Comment by zimpenfish
6 months ago
> Also, Rust compile times aren't that bad the last time I checked.
I dunno - I've got a trivial webui that queries an SQLite3 database and outputs a nice table and from `cargo clean`, `cargo build --release` takes 317s on my 8G Celeron and 70s on my 20G Ryzen 7. Will port it to Go to test but I'd expect it to take <15s from clean even on the Celeron.
I don’t think build time from `clean` is the right metric. A developer is usually using incremental compilation, so that’s where I want the whatever speed I can get.
Nobody likes a 5m build time, but that’s a very old slow chip!
"Incremental compilation is fast", is something people only talk about when normal compilation speeds are abysmal. Sadly, C++ set the expectations here, which made both Rust and Swift think that compilation times in the minutes is fine.
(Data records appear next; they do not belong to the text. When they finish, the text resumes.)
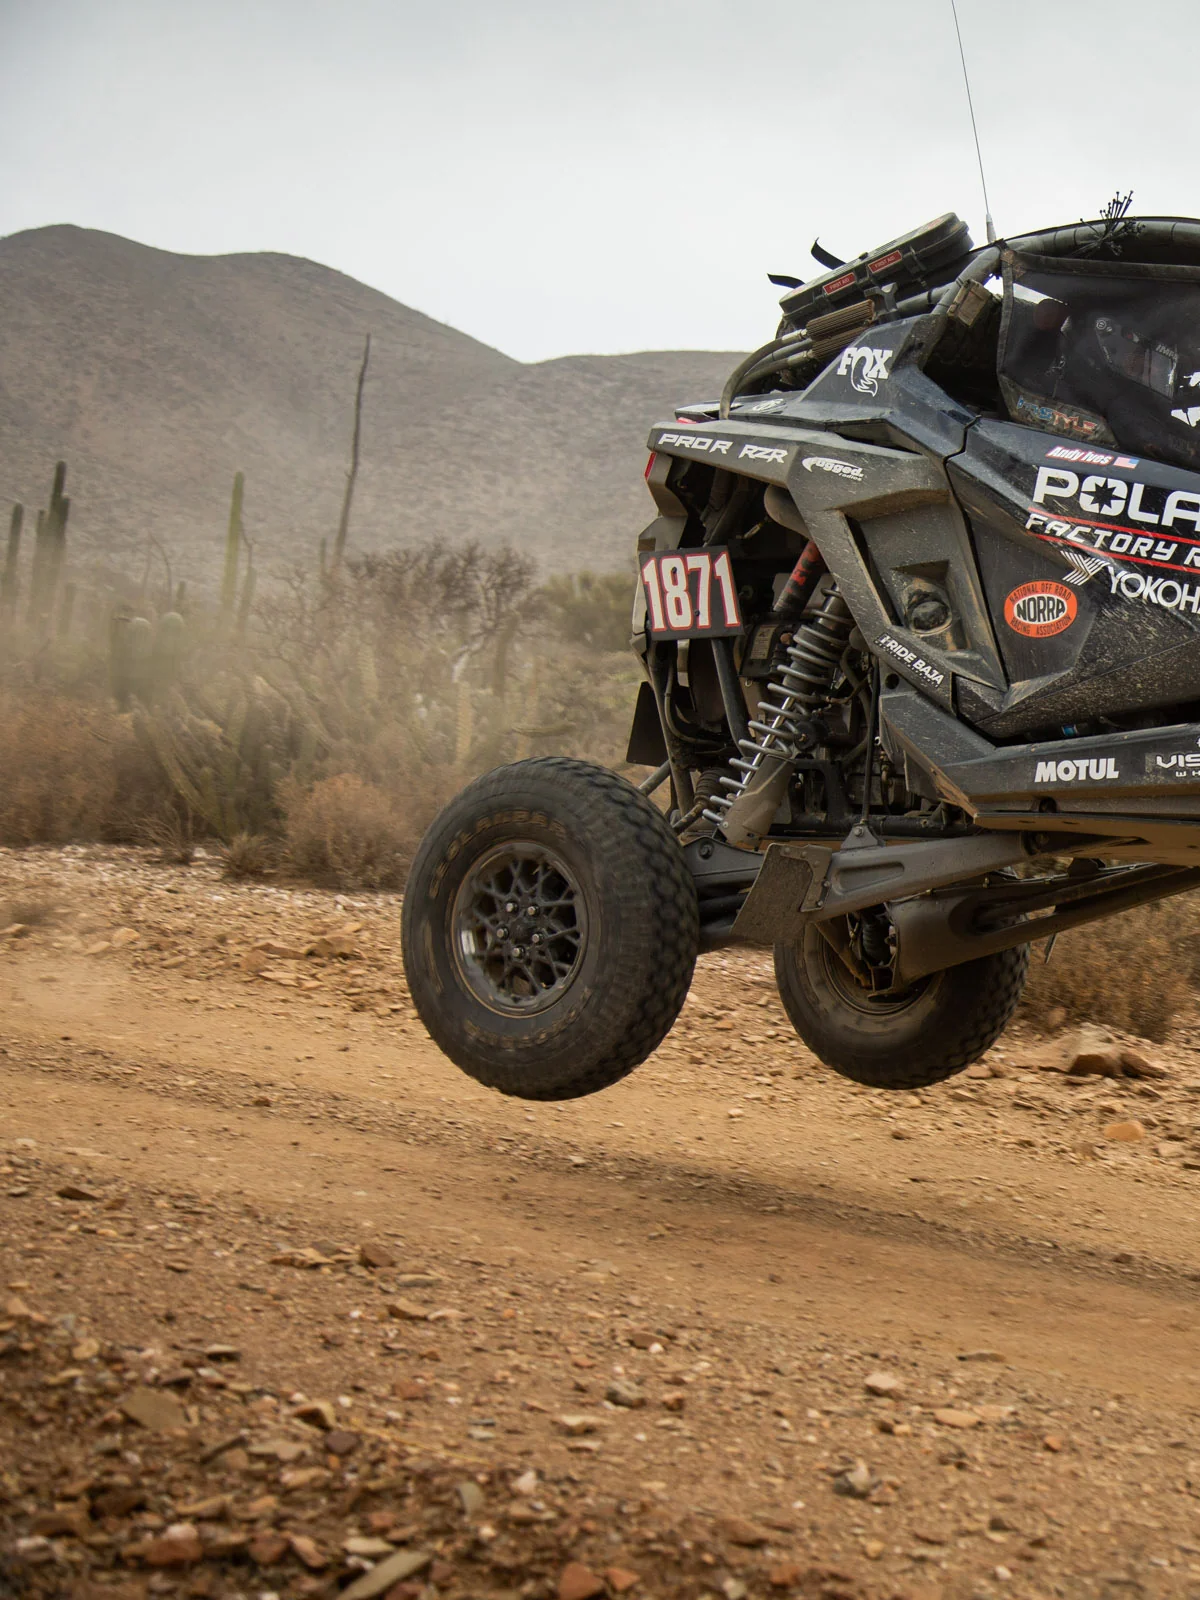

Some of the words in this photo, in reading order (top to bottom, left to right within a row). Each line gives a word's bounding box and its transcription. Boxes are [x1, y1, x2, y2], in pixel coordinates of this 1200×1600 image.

[837, 346, 893, 397] FOX
[658, 433, 707, 451] PRO
[711, 440, 733, 454] R
[738, 444, 788, 463] RZR
[1047, 446, 1080, 464] Andy
[1080, 450, 1113, 466] Ives
[1025, 513, 1178, 562] FACTORY
[642, 551, 740, 630] 1871
[1055, 584, 1072, 600] ROAD
[1016, 595, 1066, 622] NORRA
[886, 640, 917, 663] RIDE
[913, 659, 944, 684] BAJA
[1034, 758, 1119, 783] MOTUL
If your code compiles in 1 second from scratch then what do you need incremental compilation for?
> If your code compiles in 1 second from scratch then what do you need incremental compilation for?
That's entirely fair. But, when I watch somebody like Jon Blow, with his 1 second from scratch compilation the result seems to be that he just iterates a lot more without being significantly more productive than I am. I can imagine for some parts of video game design fast iteration might be crucial, yet I struggle to imagine that compilation speed is what matters there. Systems design, art direction, plotting, these don't seem like factors where you need those one second compile times.
> If your code compiles in 1 second from scratch then what do you need incremental compilation for?
I really want incremental compilation in 100ms or less, this makes live reloading (such as with dioxus subsecond [0]) so much more enjoyable.
I don't care about the time spent on fully recompiling the whole project from scratch though.